• **Directions**
Transcribe the records below exactly as they appear, omitting any pictures.

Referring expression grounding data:
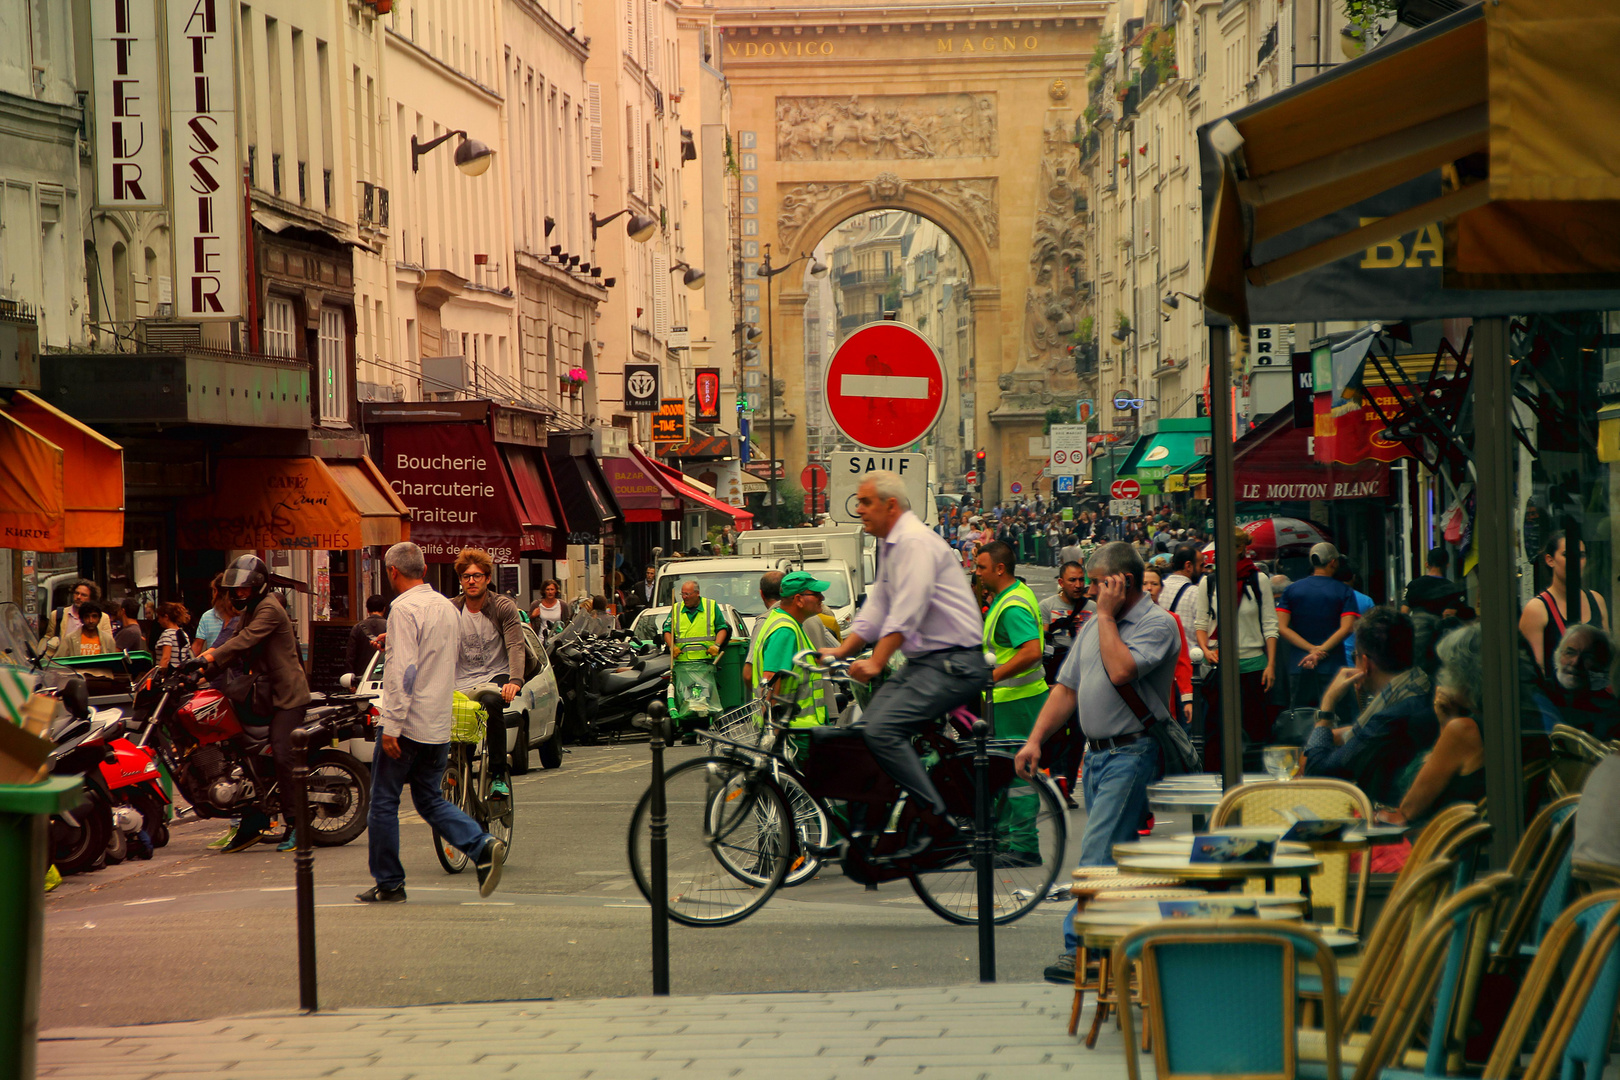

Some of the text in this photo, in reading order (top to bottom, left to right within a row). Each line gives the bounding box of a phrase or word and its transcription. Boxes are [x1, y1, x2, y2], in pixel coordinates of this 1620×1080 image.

[728, 36, 1039, 57] VDOVICO MAGNO
[184, 0, 225, 313] ATISSIER
[744, 132, 758, 277] PASSAGE
[653, 404, 684, 416] NDOORI
[658, 419, 676, 432] TIME
[397, 454, 487, 471] Boucherie
[850, 457, 910, 475] SAUF
[615, 472, 644, 480] BAZAR
[389, 480, 495, 497] Charcuterie
[615, 485, 659, 494] COULEURS
[1243, 481, 1380, 498] LE MOUTON BLANC
[408, 507, 478, 522] Traiteur
[5, 527, 51, 539] KURDE
[315, 529, 350, 548] THÉS
[446, 544, 460, 555] de
[487, 547, 512, 559] gras
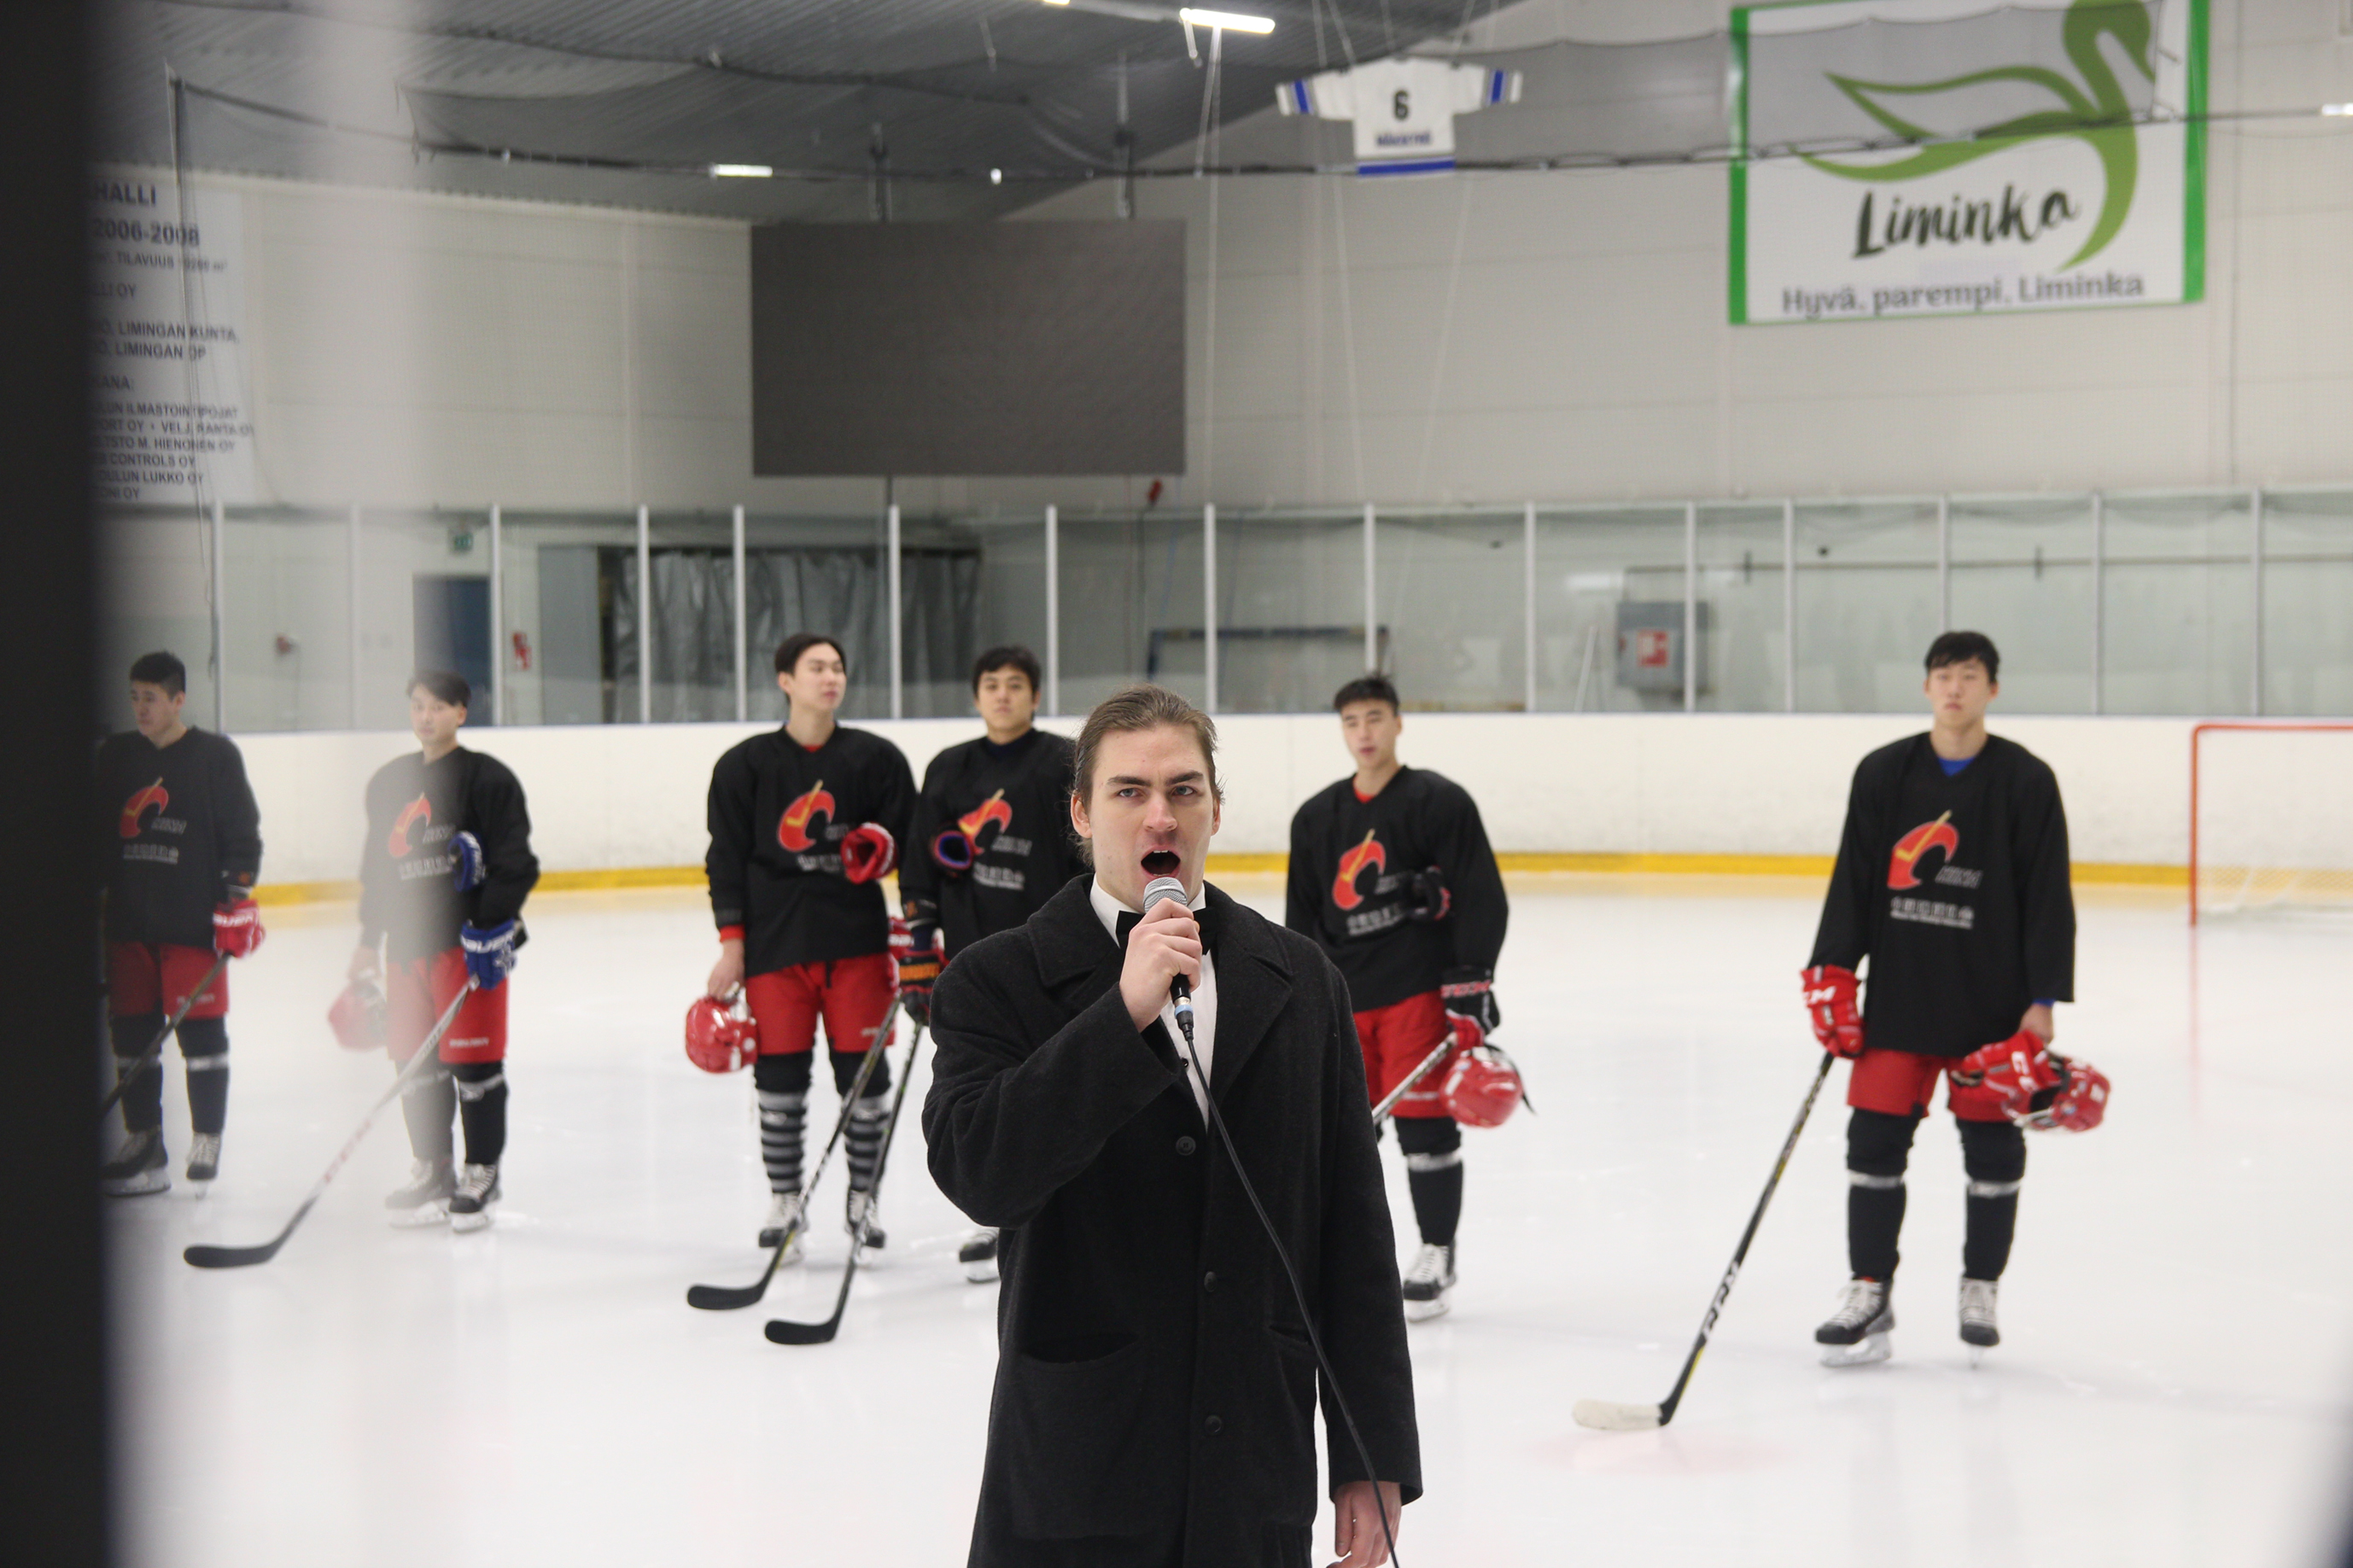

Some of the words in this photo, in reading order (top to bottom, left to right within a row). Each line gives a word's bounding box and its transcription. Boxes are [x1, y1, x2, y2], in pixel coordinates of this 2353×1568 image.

• **Answer space**
Some of the text in this photo, in reading order (top to bottom, left to right within a row). Each line gives the bounding box of a phrase or word and its transcription. Boxes are [x1, y1, x2, y2], in pixel coordinates of this 1620×1080 image.

[728, 36, 1039, 57] VDOVICO MAGNO
[184, 0, 225, 313] ATISSIER
[744, 132, 758, 277] PASSAGE
[653, 404, 684, 416] NDOORI
[658, 419, 676, 432] TIME
[397, 454, 487, 471] Boucherie
[850, 457, 910, 475] SAUF
[615, 472, 644, 480] BAZAR
[389, 480, 495, 497] Charcuterie
[615, 485, 659, 494] COULEURS
[1243, 481, 1380, 498] LE MOUTON BLANC
[408, 507, 478, 522] Traiteur
[5, 527, 51, 539] KURDE
[315, 529, 350, 548] THÉS
[446, 544, 460, 555] de
[487, 547, 512, 559] gras

Some of the words in this photo, in reading order (top to bottom, left to right within a row). Each line gives a word's bounding box and its transcription. Boxes are [x1, y1, x2, y2], in pixel coordinates of this 2353×1568 image.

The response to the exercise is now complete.